Sobhani: Sargsyan’s resignation to have positive impact on Karabakh conflict’s resolution
Baku, Azerbaijan, April 24
By Leman Zeynalova – Trend:
The resignation of Armenia’s prime minister Serzh Sargsyan will have a positive impact on the settlement of the Armenia-Azerbaijan Nagorno-Karabakh conflict, Rob Sobhani, director general of the Caspian Group Holdings, told Trend April 24.
“I am hopeful that this resignation will have a positive impact because the resolution of the Nagorno-Karabakh conflict can open the doors of trade and commerce for Armenia and its neighbors Azerbaijan and Turkey,” he said. “Stability that will come from the resolution of the conflict can bring long-term economic benefits to the Armenian people, which means that they will most likely pressure their leaders for resolution of this conflict.”
Sobhani believes that equally important, the co-chairs (Russia, France and US) of the OSCE Minsk Group must use this historic opportunity to better guide the Armenian side towards peace and to make a strong and forceful case to the people of Armenia that with peace they can finally get economic benefits.
“If the Armenian people demand from their leaders that they make peace with Azerbaijan and resolve the conflict then I am sure we shall see a constructive approach from the Armenian government,” he added.

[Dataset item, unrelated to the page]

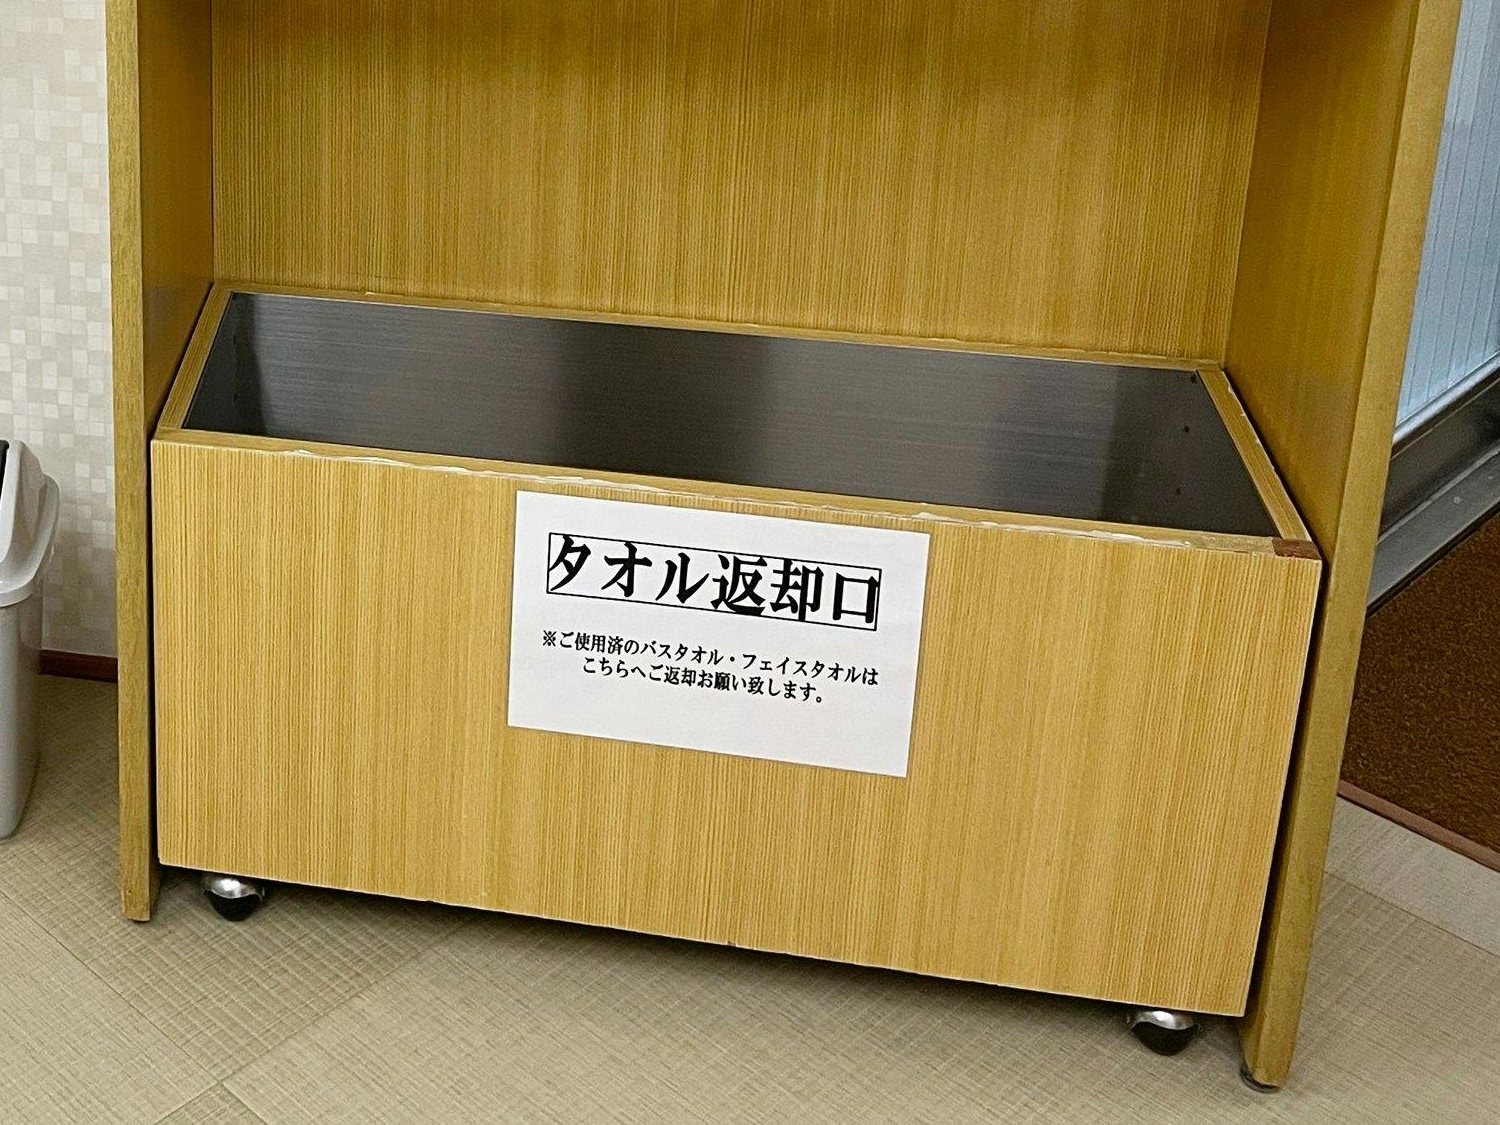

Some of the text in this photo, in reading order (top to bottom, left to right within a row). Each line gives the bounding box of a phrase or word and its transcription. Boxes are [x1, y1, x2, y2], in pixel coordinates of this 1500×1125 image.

[549, 535, 879, 623] タオル返却口
[543, 629, 879, 686] ※ご使用済のバスタオル・フェイスタオルは
[582, 657, 823, 703] こちらへご返却お願い致します。

Further, Sobhani pointed out that if Azerbaijan uses international institutions to bring forth a fact-based case against individual Armenian leaders responsible for Khojaly genocide, then justice can be served.
“We see many examples from history where savage behavior did not go unpunished. For example, in the Nuremberg trials former Nazi officials were tried for crimes against humanity. Or more recently we saw the conviction of Ratko Mladic by the International Criminal Tribunal and sentenced to life in prison for genocide,” he added.

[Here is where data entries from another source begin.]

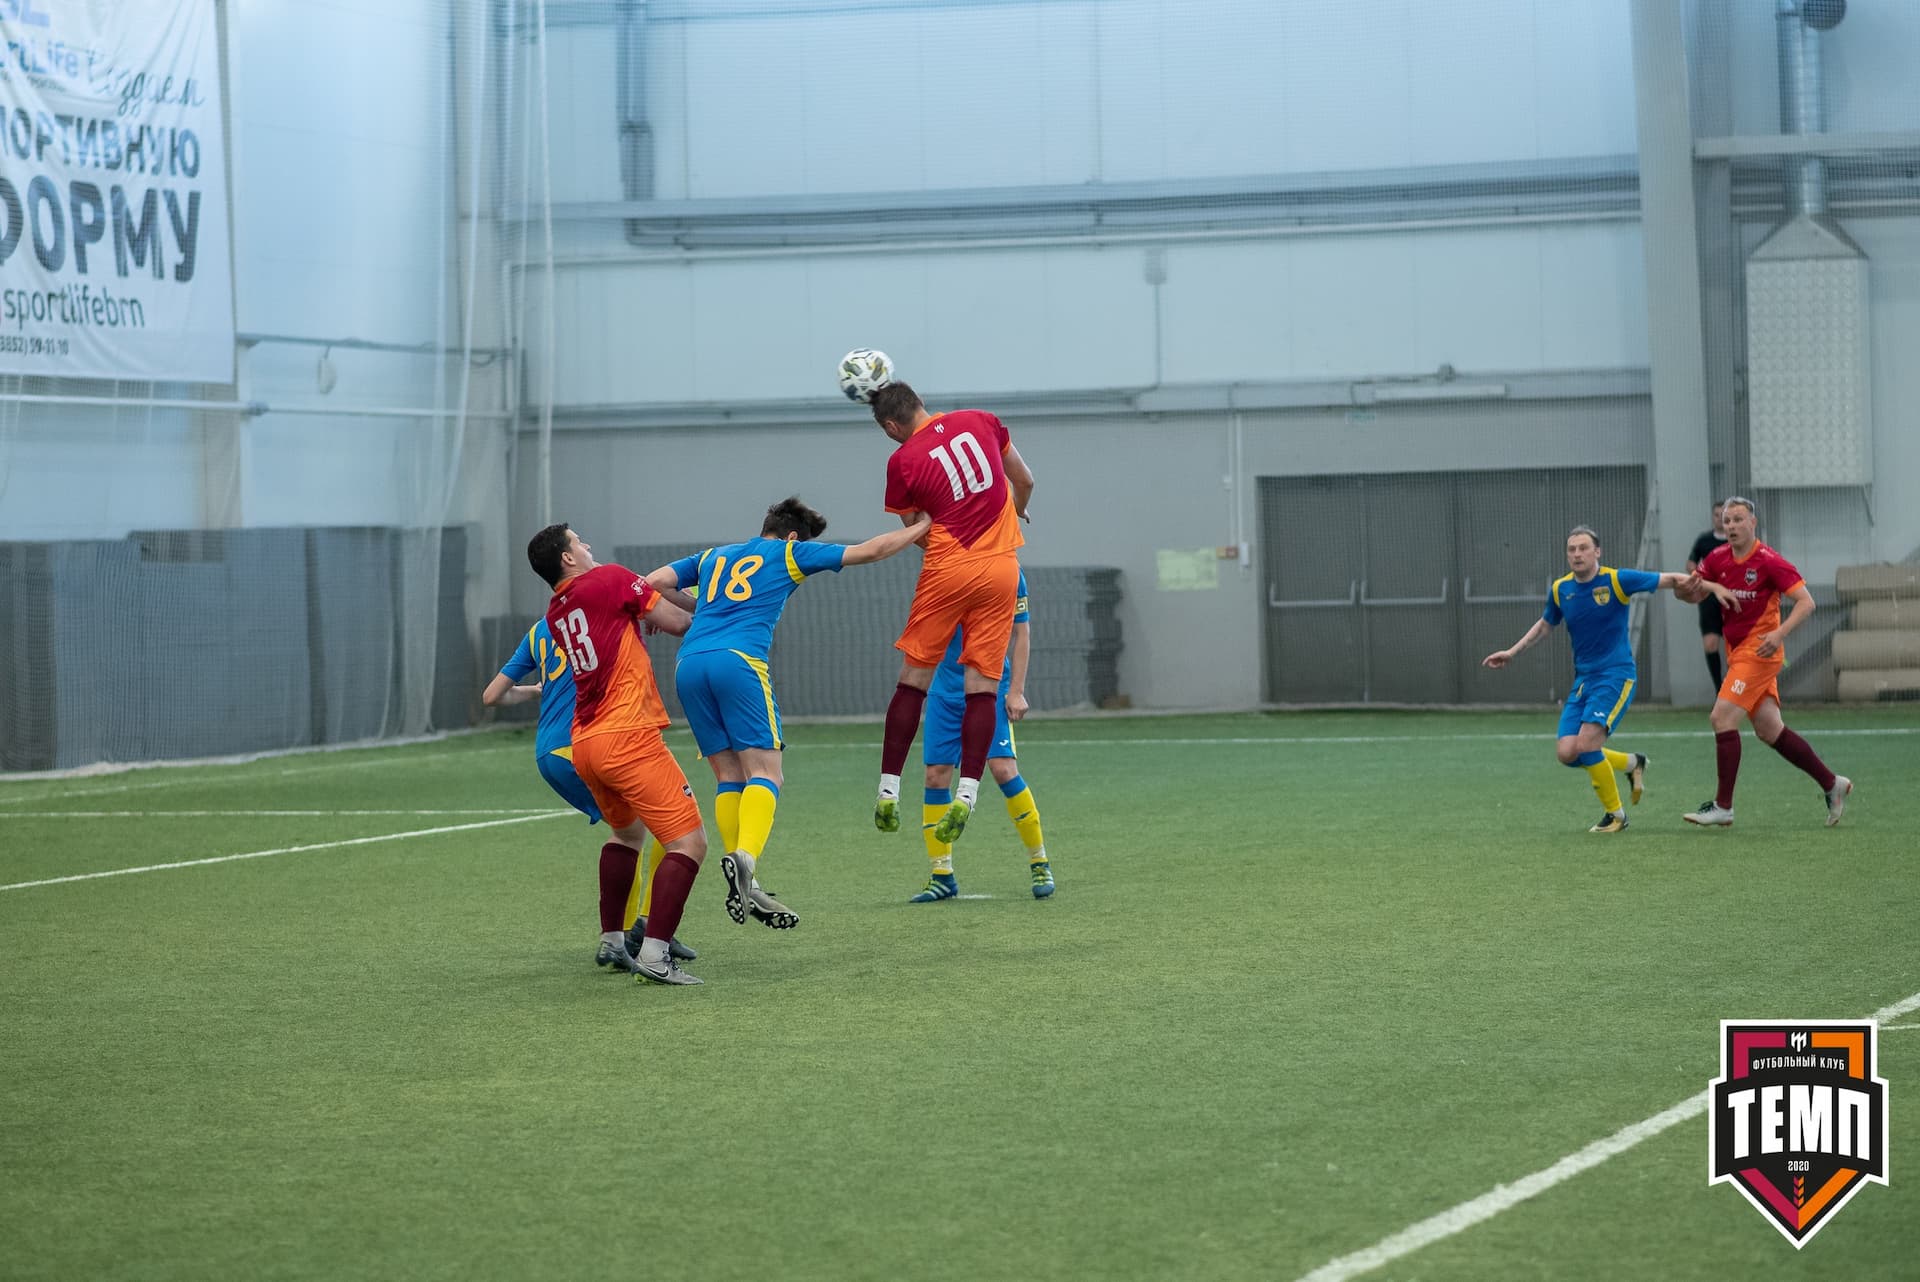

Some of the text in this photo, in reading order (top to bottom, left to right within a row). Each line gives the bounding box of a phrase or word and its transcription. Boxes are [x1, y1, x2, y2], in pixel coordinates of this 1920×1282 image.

[0, 39, 79, 79] rtLife
[3, 283, 146, 331] sportlifebrn
[928, 431, 994, 502] 10
[706, 555, 763, 603] 18
[554, 607, 598, 675] 13

Sobhani noted that the resignation of Serzh Sargsyan provides insights into the mind-set of the Armenian people; namely, that they are tired of being isolated, economically disadvantaged and not part of the broader global community.

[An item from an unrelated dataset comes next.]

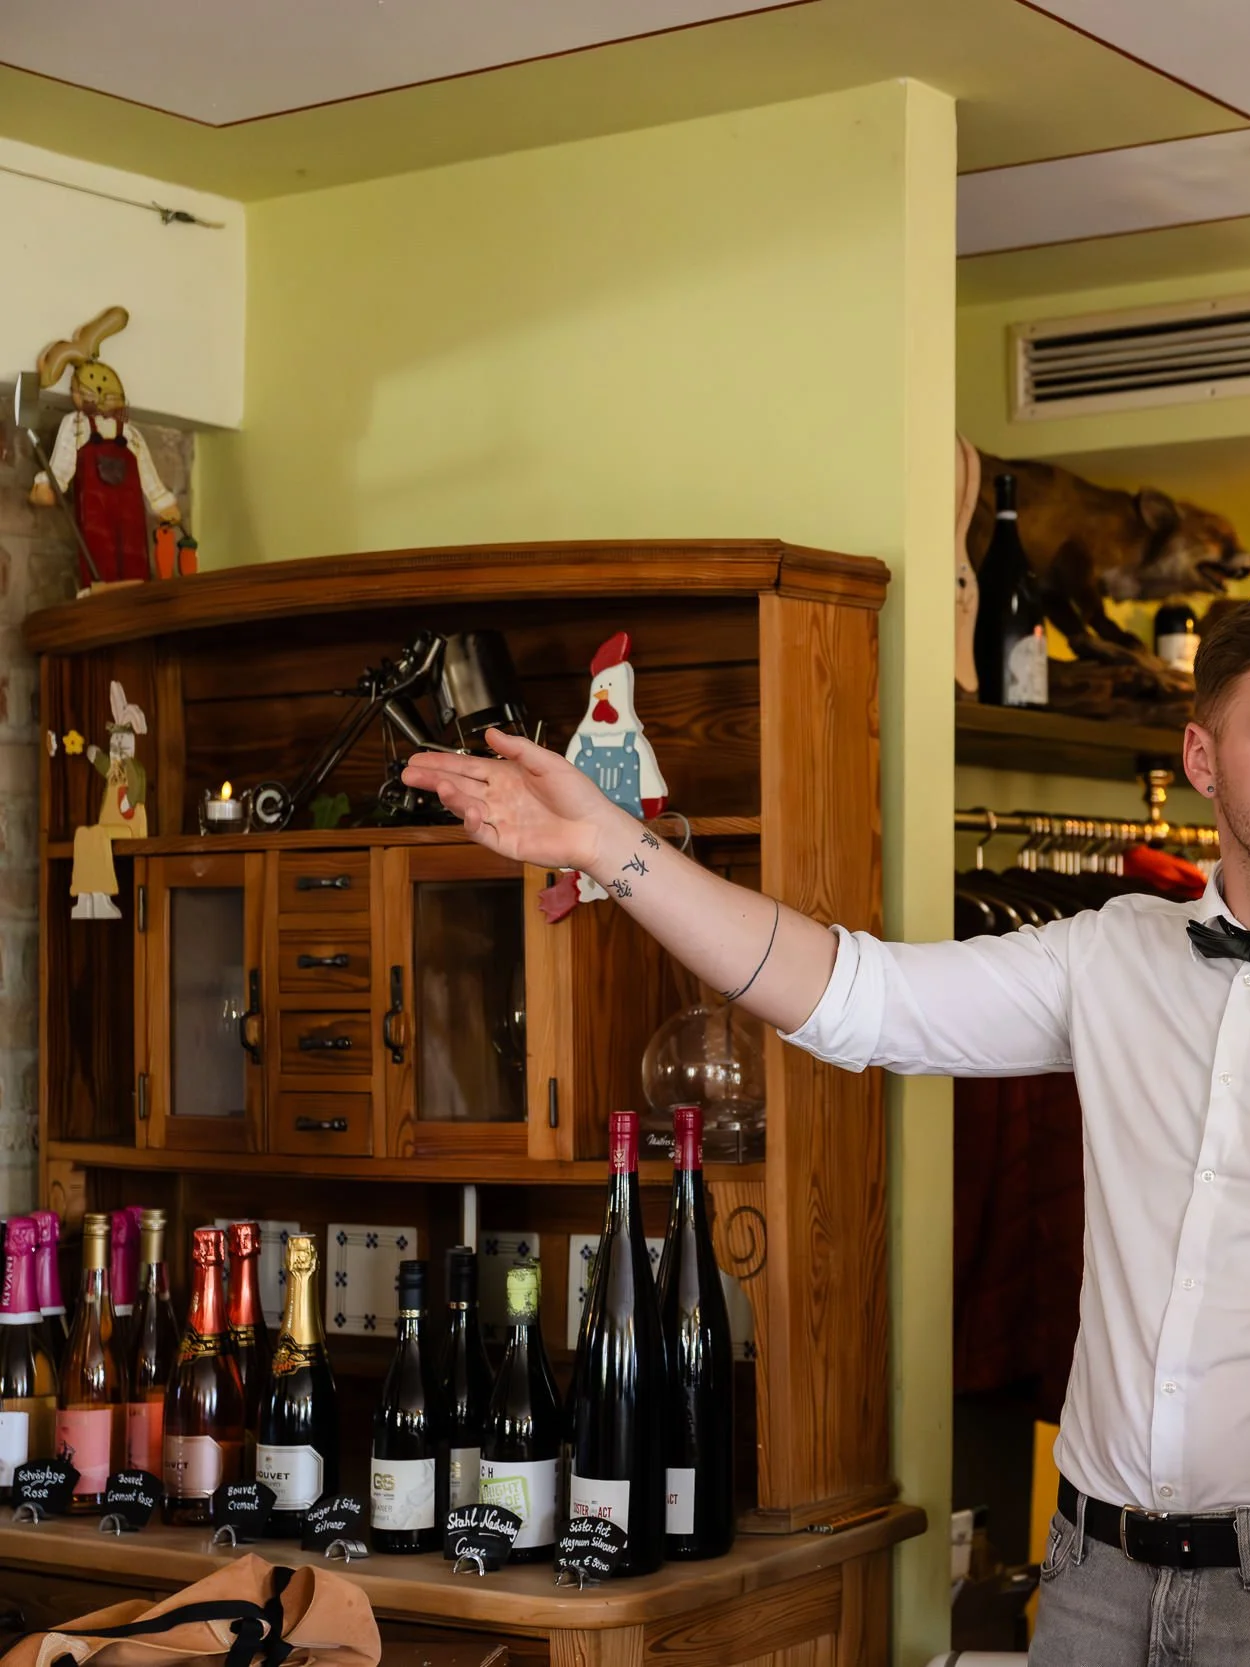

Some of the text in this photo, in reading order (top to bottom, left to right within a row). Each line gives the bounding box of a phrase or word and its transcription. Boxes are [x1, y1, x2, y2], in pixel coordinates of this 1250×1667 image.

“The people of Armenia look at Azerbaijan and must ask themselves a question: "Why have our leaders not delivered economic growth, reduction in poverty and political independence?" Armenians look to Azerbaijan as a successful country that has normal relations with all its neighbors and has used foreign direct investment into its economic for the betterment of its citizens,” he said. “We may witness some period of turmoil within Armenia due to this resignation but the message to the leaders of Armenia is clear: its people want a government that serves them not their individual politicians.”
Mass rallies broke out in Yerevan and other Armenian cities on April 13 following former Armenian President Serzh Sargsyan’s nomination as prime minister. The opposition accused him of ineffective governance and worsening the economic situation in the country.
On April 23, Armenian Prime Minister Serzh Sargsyan resigned.
The conflict between the two South Caucasus countries began in 1988 when Armenia made territorial claims against Azerbaijan. As a result of the ensuing war, in 1992 Armenian armed forces occupied 20 percent of Azerbaijan, including the Nagorno-Karabakh region and seven surrounding districts.
The 1994 ceasefire agreement was followed by peace negotiations. Armenia has not yet implemented four UN Security Council resolutions on withdrawal of its armed forces from the Nagorno-Karabakh and the surrounding districts.